Para estruturar a caracterização do debate sobre o conceito de contramovimentos sociais na literatura analisada optou-se por separar esta seção em duas subseções: a primeira aborda os debates em torno da definição do conceito de contramovimento; a segunda apresenta alguns modelos analíticos e hipóteses voltados à explicação da constituição, desenvolvimento e resultados dos contramovimentos.
Como o próprio termo indica, o conceito de “contramovimento” parte do argumento de que a conflitualidade na qual se constroem os movimentos sociais também tende a gerar processos de construção de organizações e mobilizações de oposição àqueles: os contramovimentos sociais (Lind & Stepan-Norris, 2011; Lo, 1982). Assim, um elemento comum a todas as definições de contramovimentos é que estes se constroem em relação de oposição e conflito com movimentos sociais que desafiam ou ameaçam interesses, valores, modos de vida, posição social, entre outros aspectos, de determinado segmento da sociedade.
Outro elemento comum à literatura é o argumento de que, sendo uma ação coletiva de caráter contestatório assim como o movimento social a que se opõe, o processo de organização e mobilização de um contramovimento social tende a apresentar fortes similaridades com o que se observa no caso dos movimentos. Nesse sentido, os mesmos modelos analíticos que são utilizados para abordar a formação, desenvolvimento e resultados dos movimentos poderiam ser utilizados para abordar os contramovimentos (Ruibal, 2014).
Porém, a literatura se divide no que se refere à vinculação do conceito de “contramovimentos” a uma posição ideológica e/ou a um grupo social específico.
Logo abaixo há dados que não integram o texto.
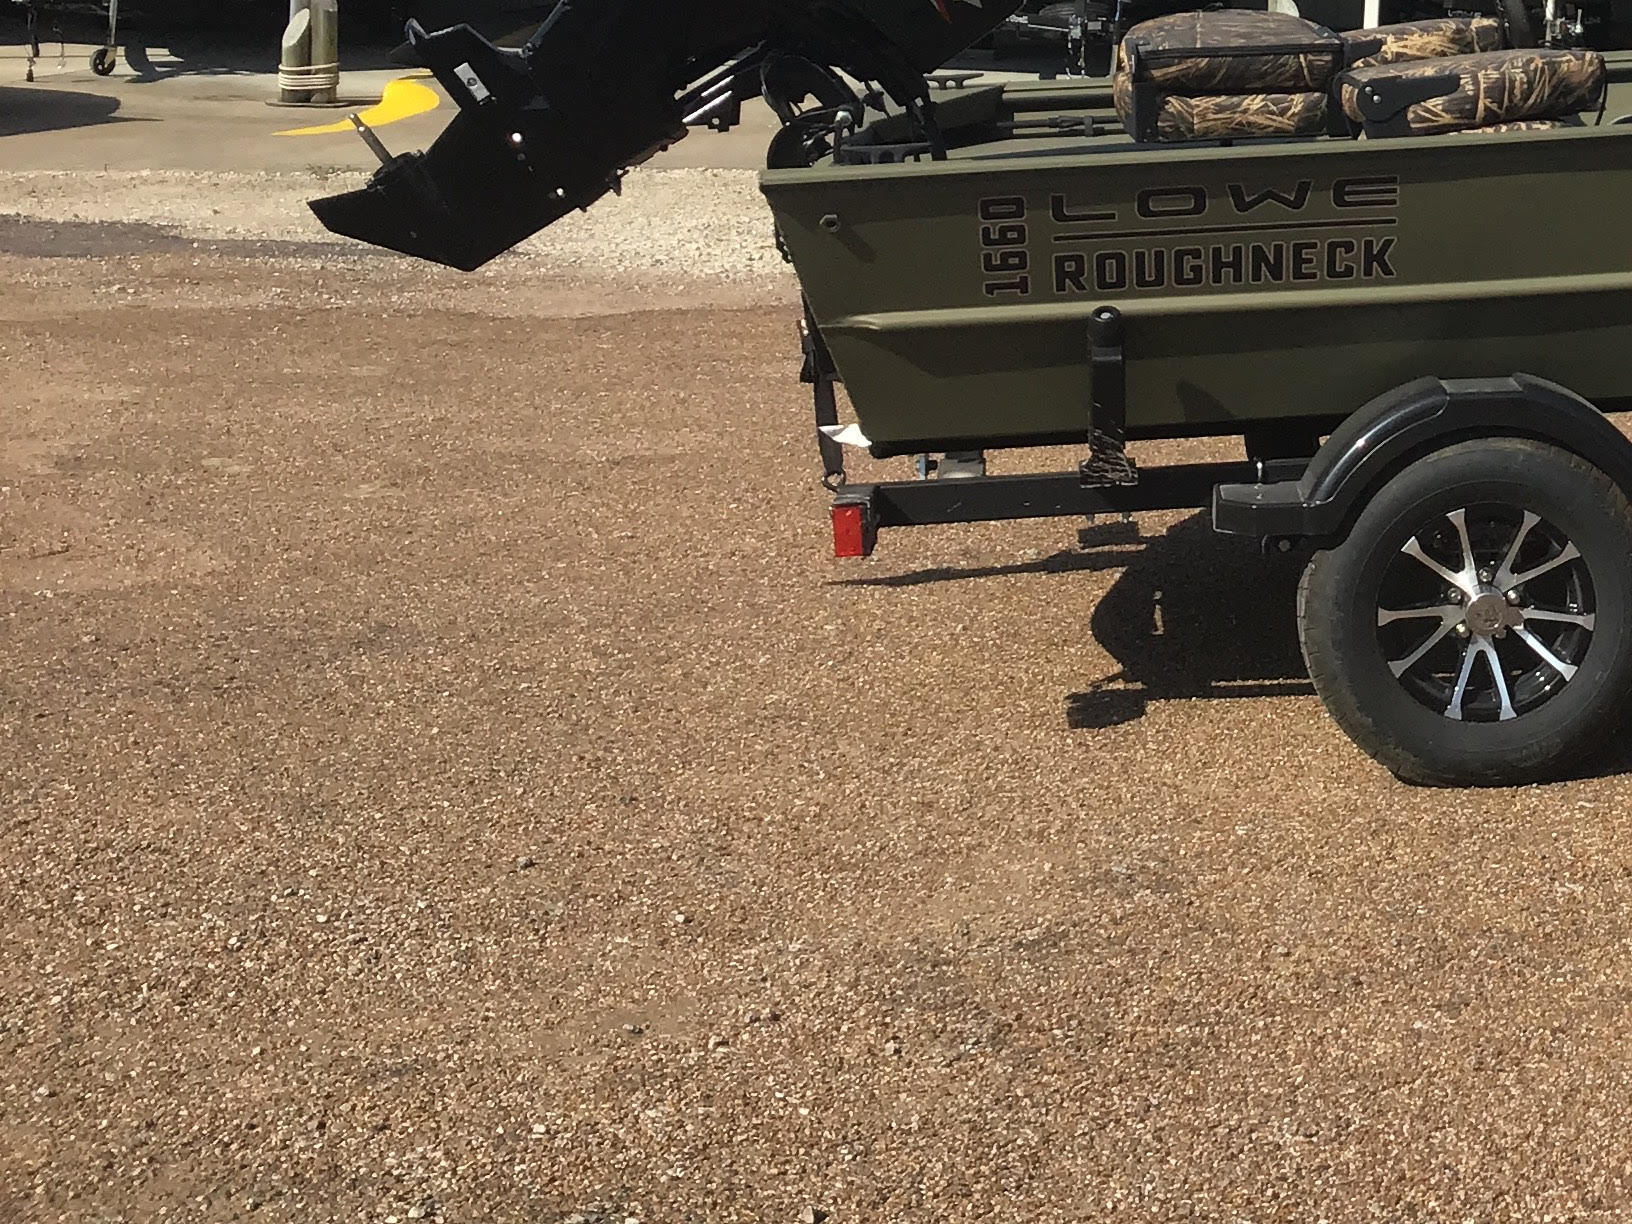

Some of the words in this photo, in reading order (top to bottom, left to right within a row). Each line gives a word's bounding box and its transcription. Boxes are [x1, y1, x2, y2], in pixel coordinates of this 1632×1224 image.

[1048, 176, 1400, 224] LOWE
[977, 195, 1029, 298] 1660
[1050, 236, 1400, 295] ROUGHNECK
Em uma primeira posição nesse debate, “contramovimentos” são definidos como ações coletivas contestatórias dotadas de uma posição ideológica específica (conservadora, reacionária ou de direita) ou como processos de mobilização protagonizados por um segmento social particular (elites e classes ou grupos dominantes). Essa definição tende a estar relacionada a uma concepção de “movimento social” também marcada por um perfil ideológico determinado (transformador, progressista ou de esquerda) e/ou vinculado a um segmento social específico (grupos subalternos, dominados ou “minoritários”).
Uma vez que, para autores que defendem essa definição conceitual, movimentos sociais são ações coletivas contestatórias, por parte de segmentos dominados, voltadas a produzir mudanças sociais de caráter progressista, os contramovimentos naturalmente se definiriam como ações coletivas contestatórias, por parte de segmentos dominantes, voltadas a impedir ou reverter aquelas mudanças sociais (Austin, 2002; Dorf & Tarrow, 2014; Jasper & Poulsen, 1993; Lim, 2017; McCarthy & Zald, 1977; McGlen & O’Connor, 1988).
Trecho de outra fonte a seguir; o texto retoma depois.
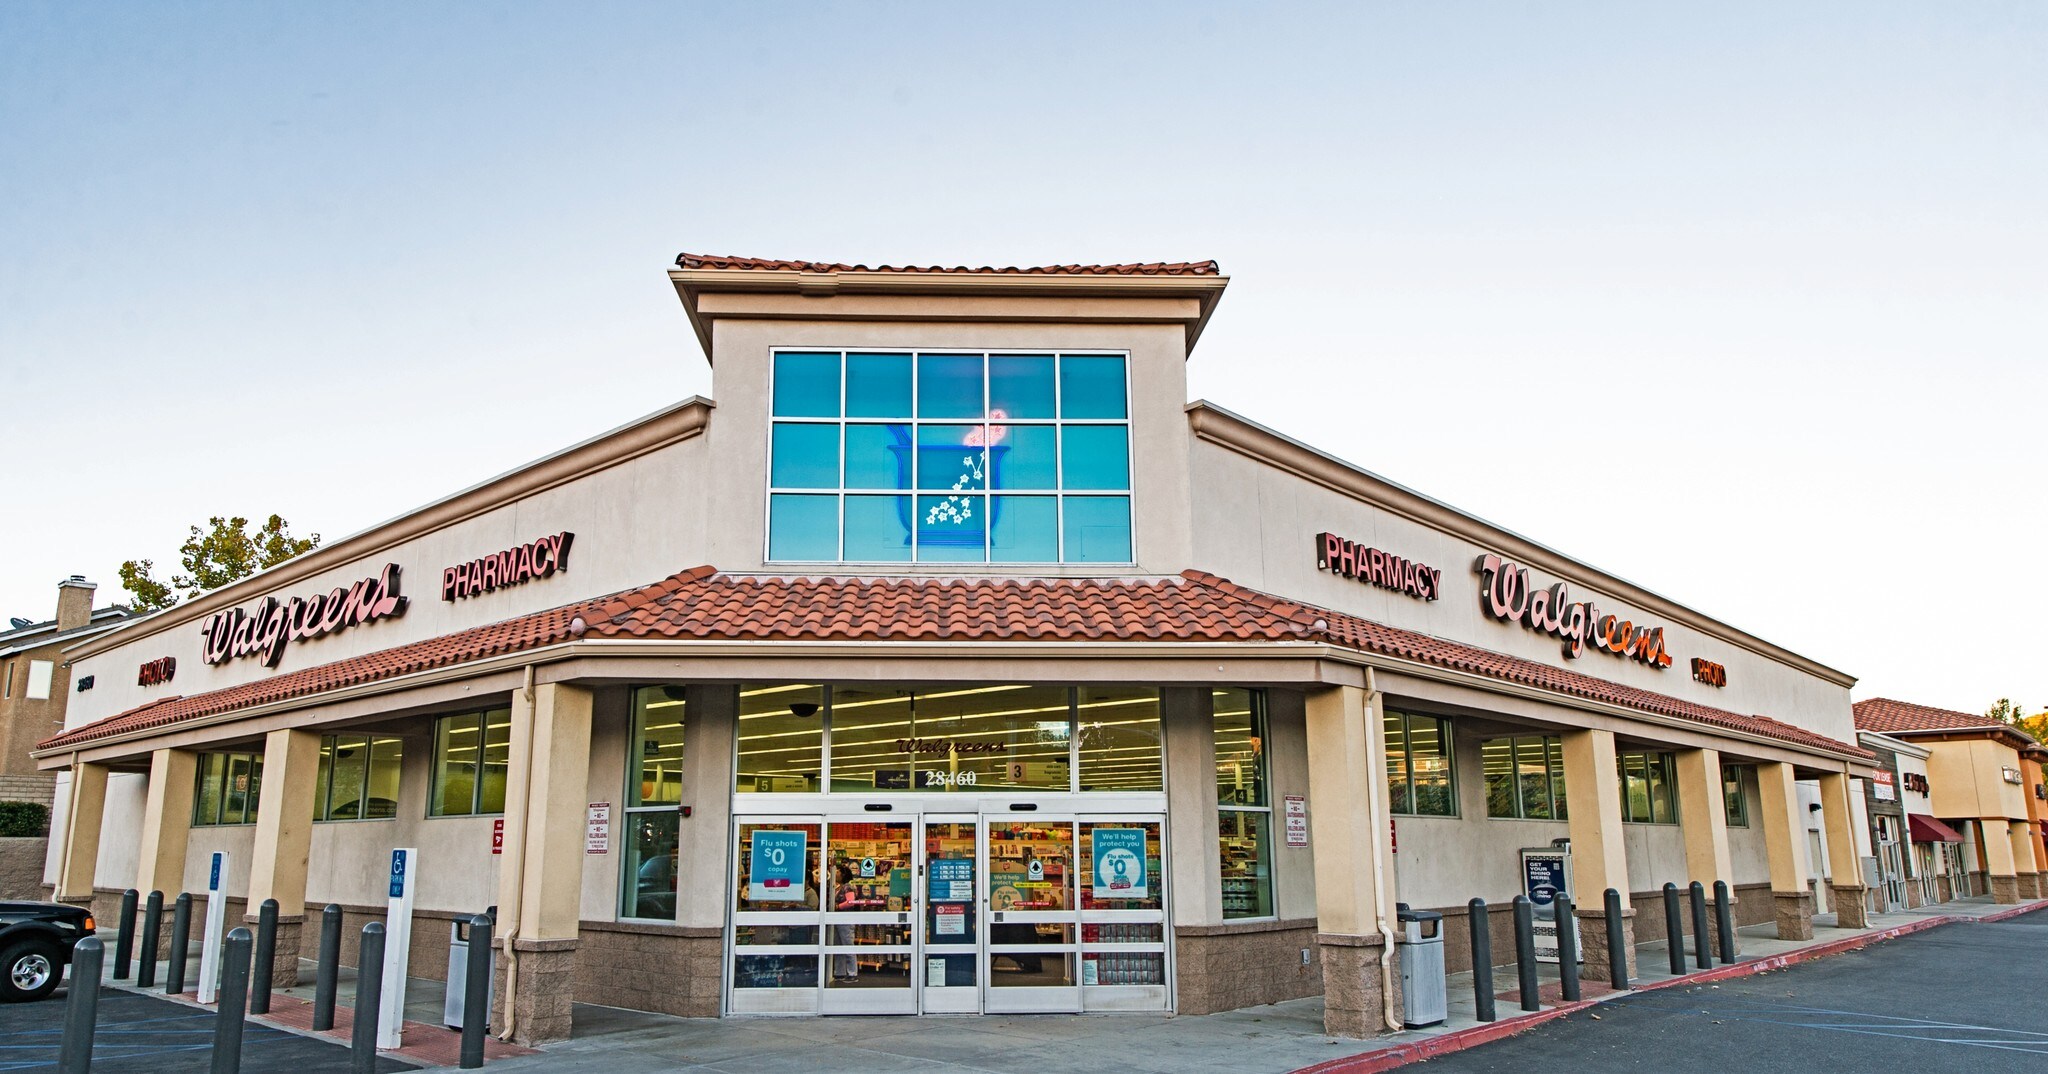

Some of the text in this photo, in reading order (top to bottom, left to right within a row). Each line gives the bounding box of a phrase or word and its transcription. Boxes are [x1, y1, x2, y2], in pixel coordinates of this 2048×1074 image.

[442, 532, 572, 602] PHARMACY
[1320, 532, 1441, 600] PHARMACY
[202, 563, 405, 667] Walgreens
[1477, 553, 1672, 669] Walgreens
[138, 656, 173, 687] PHOTO
[1694, 657, 1727, 687] PHOTO
[895, 738, 1008, 758] Walgreens
[925, 770, 977, 786] 28460
[1014, 765, 1022, 778] 3
[761, 780, 768, 791] 5
[1238, 791, 1244, 800] 4
[760, 839, 773, 847] Flu
[1121, 833, 1137, 841] help
[764, 847, 785, 866] $0
[1108, 859, 1126, 875] $0
Autores que definem contramovimentos como um repertório de ação coletiva contestatória de grupos conservadores ou dominantes sugerem que eles detêm algumas características próprias que os distinguiriam dos movimentos sociais (definidos como ação coletiva contestatória dos dominados). Boies e Pichardo (1993) e Pichardo (1995), por exemplo, argumentam que contramovimentos construídos e desenvolvidos por elites se baseiam fortemente nos recursos que essas elites podem mobilizar em função do seu poder econômico. Nesse sentido, ao contrário dos movimentos sociais dos dominados, que dependem centralmente de sua capacidade de mobilização de pessoas, os contramovimentos de elites tenderiam a ser compostos por organizações profissionalizadas cuja atuação e impacto dependeriam menos da visibilidade produzida pelo uso de repertórios de confronto e mais pela mobilização de diversos recursos de poder controlados pelas elites (acesso à mídia e às instituições estatais; formação e contratação de profissionais qualificados; financiamento de pesquisas, campanhas publicitárias e candidaturas políticas etc.).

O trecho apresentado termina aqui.